BZ: So you are now a founder and owner of Future Pathways Consultants. What’s happening there?
DM: That is correct. FPC is a company driven to help youths across the world to achieve their career goals. Our purpose is helping students, athletes and individuals to reach career competency, maturity and assist them with bursary opportunities to study in South Africa and abroad. We use various career exploration activities to identify youths career interests, subject choices, values, personalities and competencies. We are all about growing a competent society where every individual is responsible and accountable for their decisions, career choices and future.
BZ: What are some of the success stories you have experienced so far?
DM: Quite a few actually. I have worked with a Hellenic Football Club, Mark-Bryne High Performance School and with kids from Curro Centurity City, Reddam House Durbanville, Hertzlia High School, including a few students from UK and Zimbabwe.
FPC was officially established in 2019 and it will be a year in a few months.
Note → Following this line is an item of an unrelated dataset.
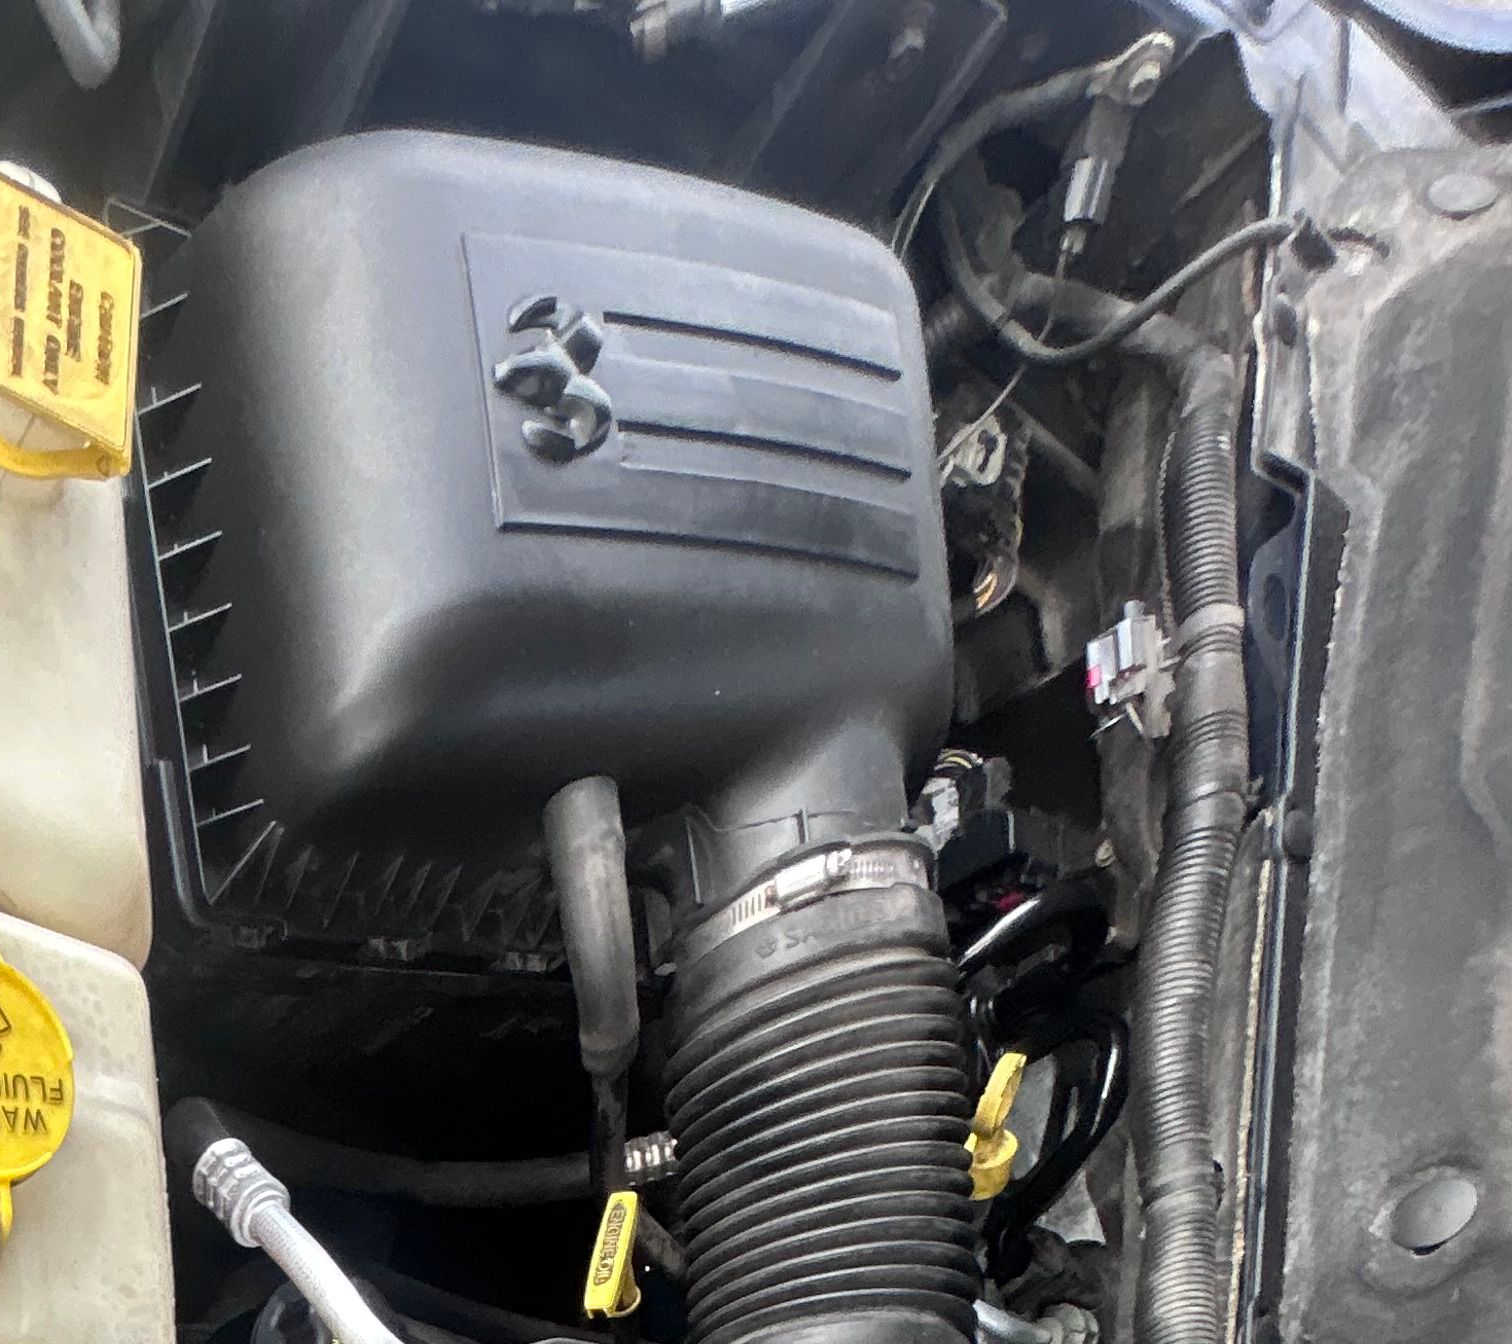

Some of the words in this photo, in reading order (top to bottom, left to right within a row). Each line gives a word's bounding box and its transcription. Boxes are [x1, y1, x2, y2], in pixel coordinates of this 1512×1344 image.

[46, 228, 66, 330] COOLANT
[42, 335, 61, 396] ONLY
[600, 1208, 628, 1258] ENGINE
[592, 1257, 615, 1286] OIL
We are in an education phase of raising career awareness to youths and parents. At times you find that parents in the black communities tend to decide on traditional career paths such as doctors and lawyers for their children … You find that a lot of these degrees will just hang on the walls without being used because the child wanted to be a mechanic, a hair dresser or something that makes them satisfied.
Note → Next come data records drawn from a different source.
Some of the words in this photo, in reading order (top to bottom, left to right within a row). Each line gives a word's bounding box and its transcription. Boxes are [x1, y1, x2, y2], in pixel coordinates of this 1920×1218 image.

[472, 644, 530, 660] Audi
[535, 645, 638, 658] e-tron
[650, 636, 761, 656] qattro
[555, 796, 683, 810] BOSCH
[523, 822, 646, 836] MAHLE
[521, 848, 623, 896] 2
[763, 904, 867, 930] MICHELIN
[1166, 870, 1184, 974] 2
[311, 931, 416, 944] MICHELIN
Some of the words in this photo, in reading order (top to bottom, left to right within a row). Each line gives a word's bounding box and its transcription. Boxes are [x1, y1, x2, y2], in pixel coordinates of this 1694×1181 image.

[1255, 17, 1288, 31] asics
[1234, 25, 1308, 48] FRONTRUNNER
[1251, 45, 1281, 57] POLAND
BZ: I guess Dion Mazhawidza (also a former Zimbabwe U-19 player) is blessed to have you as brother, consultant and a cricket person as well. What advice have you been giving him? Some fear he could be another lost talent?
DM: Yes, Dion is blessed. I have been telling him to follow what you like and recently he has been loving IT since he is studying a Bachelors in Information Systems. You see, with career development there are a lot of twists and turns. One day you want to do this, the next day you want to do that – it is an endless transition . . . that is why it is important to get advice, direction and guidance.
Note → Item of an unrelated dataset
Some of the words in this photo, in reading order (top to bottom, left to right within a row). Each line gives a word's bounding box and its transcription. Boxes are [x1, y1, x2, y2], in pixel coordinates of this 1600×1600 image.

BZ: I understand you are now a family man. How is that?
DM: Yes, I have a one-year-old daughter, Hailey Ruva, by my wife Anita. It is a wonderful feeling although it comes with its challenges. l am enjoying it; it is worth it. I love my family. They support me all the time.
BZ: Are you still in touch with some of your Zim U-19 team-mates?
DM: Honestly, not really, although l talk to some of my mates when we see each other or on social media. Our circles and friends shifted when we both took a different direction after the World Cup.
BZ: Guys in your stream like Tino Mutombodzi, PJ Moor and Tendai Chatara have at least had a good run in the national team. A better feeling, isn’t it?
DM: Yes, that is correct, whenever l see them on television or live l always admire them because these are the guys who had exceptional talent during my time. I feel bad when l do not see my friend Gary Chirimuta up there. He is talented and he deserves to play for Zimbabwe without a doubt.
BZ: Dean, thanks for your time. All the best.
DM: Thank you, Brighton. All the best with your career as well. I am happy with what you are doing now. God bless you, mate.